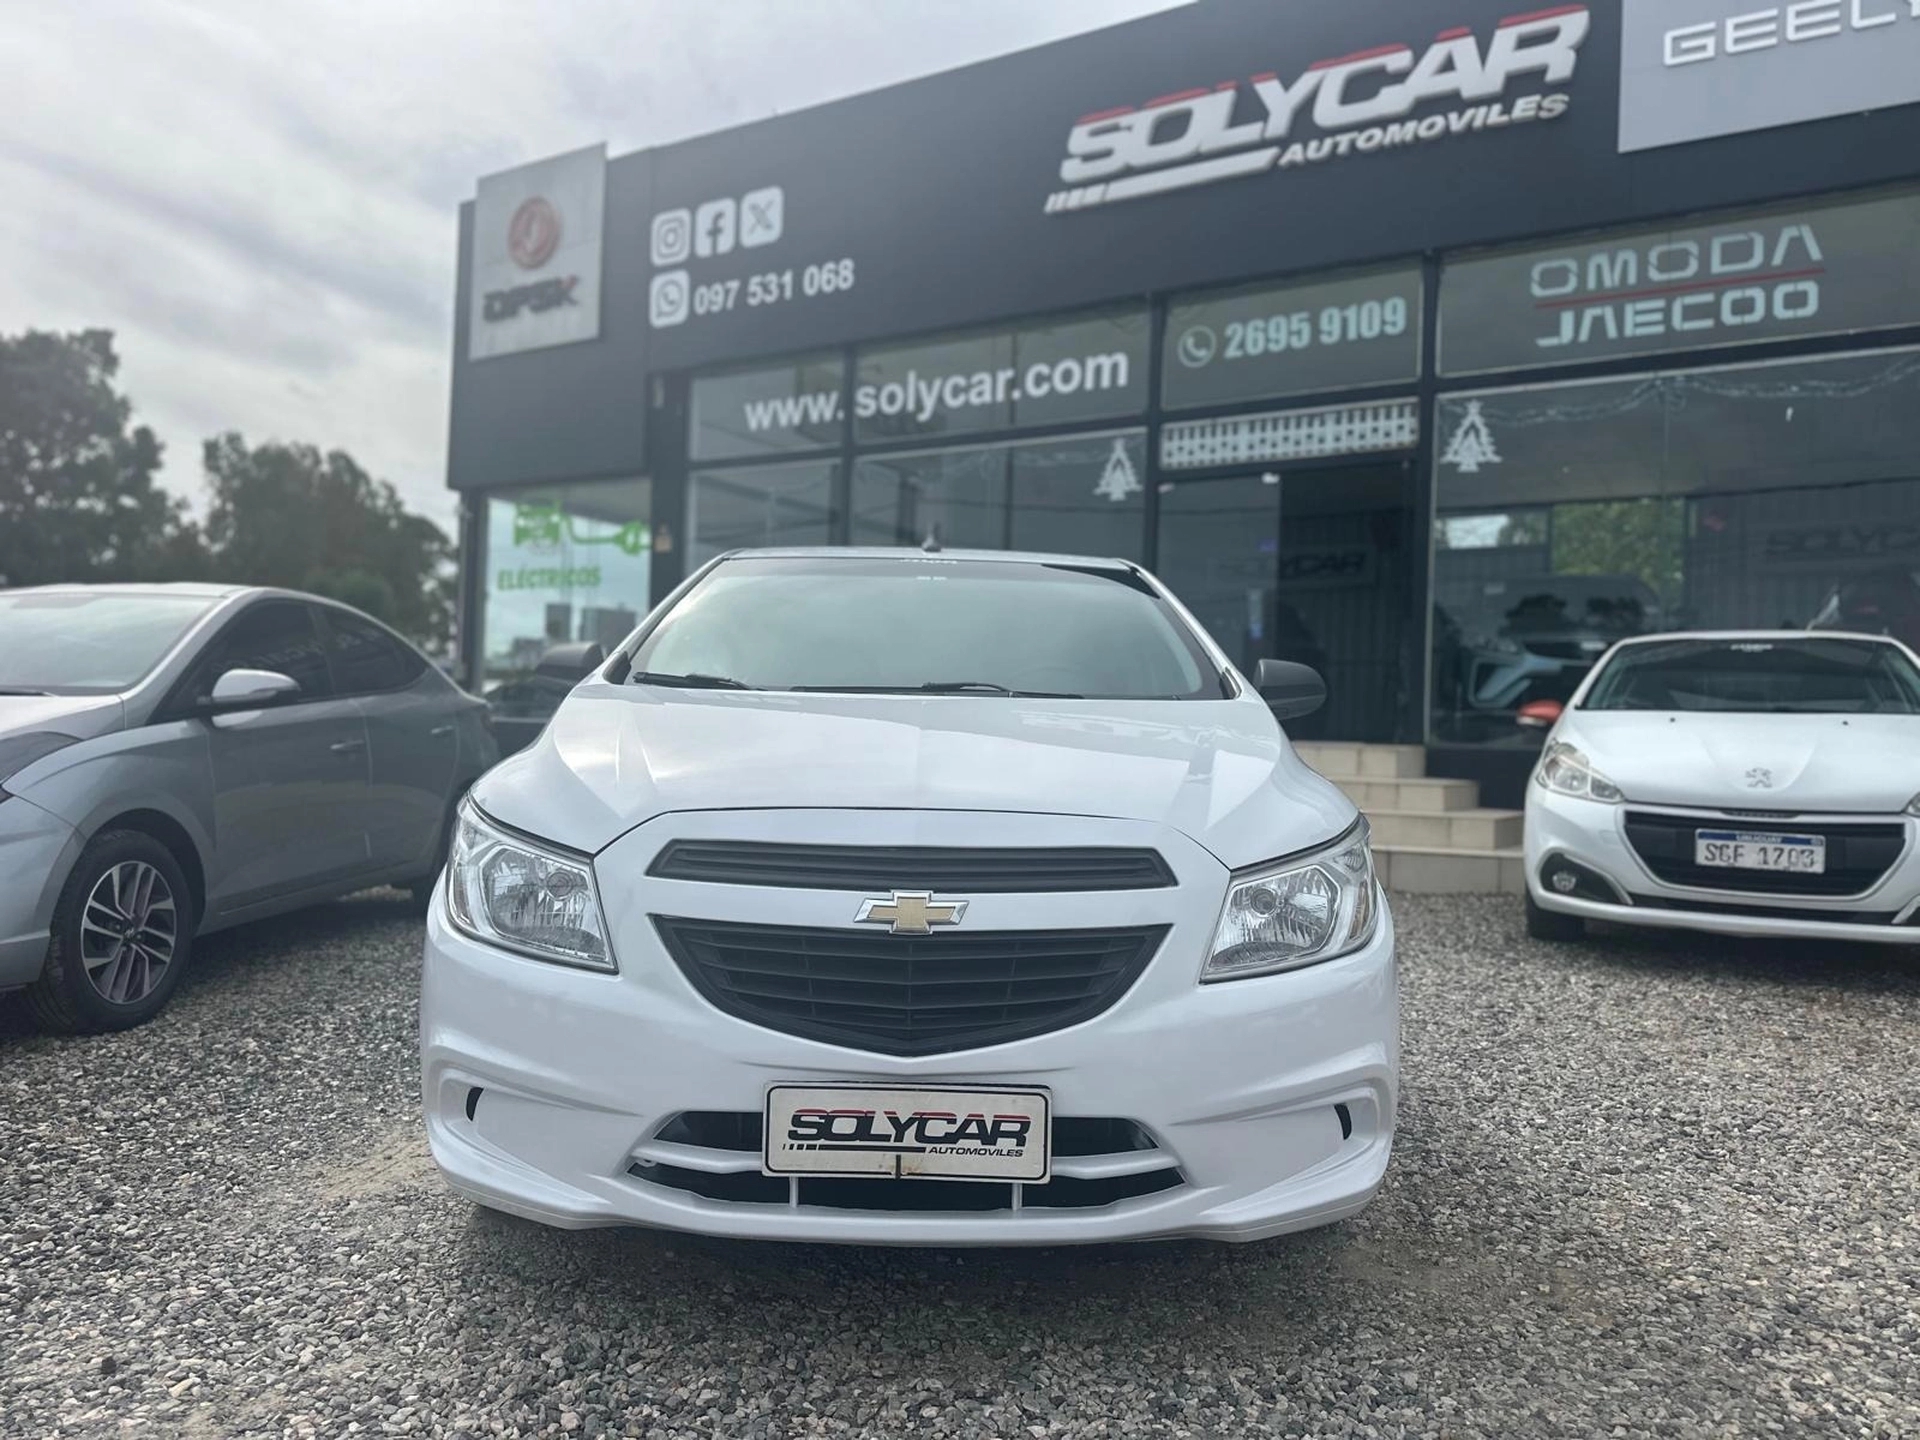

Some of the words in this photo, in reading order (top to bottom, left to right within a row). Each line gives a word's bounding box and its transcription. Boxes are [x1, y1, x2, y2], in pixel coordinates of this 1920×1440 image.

[1060, 4, 1591, 184] SOLYCAR
[1278, 93, 1570, 168] AUTOMOVILES
[694, 281, 740, 316] 097
[747, 270, 794, 307] 531
[803, 258, 856, 298] 068
[1530, 224, 1824, 298] OMODA
[1223, 318, 1311, 360] 2695
[1319, 297, 1408, 346] 9109
[1535, 280, 1820, 347] JAECOO
[787, 1108, 1032, 1147] SOLYCAR
[928, 1146, 1024, 1158] AUTOMOVILES
------
Exercise instructions ▸ Your answer must restate the entries word for word and contain no pictures.

Task answer ▸
Some of the words in this photo, in reading order (top to bottom, left to right within a row). Each line gives a word's bounding box and its transcription. Boxes are [x1, y1, x2, y2], in pixel coordinates of this 1920×1440 image.

[1060, 4, 1591, 184] SOLYCAR
[1278, 93, 1570, 168] AUTOMOVILES
[694, 281, 740, 316] 097
[747, 270, 794, 307] 531
[803, 258, 856, 298] 068
[1530, 224, 1824, 298] OMODA
[1223, 318, 1311, 360] 2695
[1319, 297, 1408, 346] 9109
[1535, 280, 1820, 347] JAECOO
[787, 1108, 1032, 1147] SOLYCAR
[928, 1146, 1024, 1158] AUTOMOVILES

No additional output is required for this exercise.